There are really three things to be concerned about here.
The first is the boot drive. The Apple II scans for a bootable device starting at slot 7 and working towards slot 0. From my recollections, it doesn't matter which slot the bootable device is in, though you'd probably want to put a hard drive in a higher slot and a RAM card in a lower numbered slot, with the floppy drive controller inbetween. (Quite often, RAM cards would look like disk controllers since the Apple II could only address 48k or 64k without bank switching.) Of course you can change the boot order with a special boot loader, or typing something like "PR#3" (where 3 is replaced with the slot number) at the BASIC prompt. If you're dumped into the machine language monitor, you would type something like "3^P" where "^P" is control-P. (No quotes in either case.)
The second thing to be concerned about is the matter of using a IIgs.
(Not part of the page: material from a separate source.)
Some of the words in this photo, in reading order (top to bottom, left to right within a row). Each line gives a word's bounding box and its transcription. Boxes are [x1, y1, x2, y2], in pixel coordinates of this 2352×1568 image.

The Apple II was originally designed to address eight additional devices. The IIgs couldn't really break compatiblity with the II, so it couldn't alter how the keyboard, display, joystick, speaker, or tape drive appeared to 8-bit software. It couldn't simply add devices either (because that would mess up the memory map), unless they appeared to be on a slot. Apple got around this by adding peripherals that were meant to be seen by 8-bit software to soft-expansion slots. In essence, the firmware would redirect requests for a certain slot somewhere else. This was fine for the Apple IIc because you didn't have any physical expansion slots, but it wouldn't work out for the IIgs. So Apple added additional functionality to the IIgs firmware that would allow you to put "My Card" into a slot, while disabling an expansion slot's function.
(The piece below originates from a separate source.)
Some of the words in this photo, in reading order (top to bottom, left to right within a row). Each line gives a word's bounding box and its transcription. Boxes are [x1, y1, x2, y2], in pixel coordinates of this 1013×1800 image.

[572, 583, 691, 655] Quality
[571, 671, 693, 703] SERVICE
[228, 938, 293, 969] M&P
But once you consider those two things, it doesn't matter where you install a floppy controller. Well, unless you are using a particularly poorly written application. In most cases, it probably won't matter at all since I think it uses the default disk controller to save data (i.e. the one it booted from). In other cases, it will allow you to specify the slot and drive number. I don't think that ProDOS programs care at all, since they usually deal with paths and let the OS handle the rest.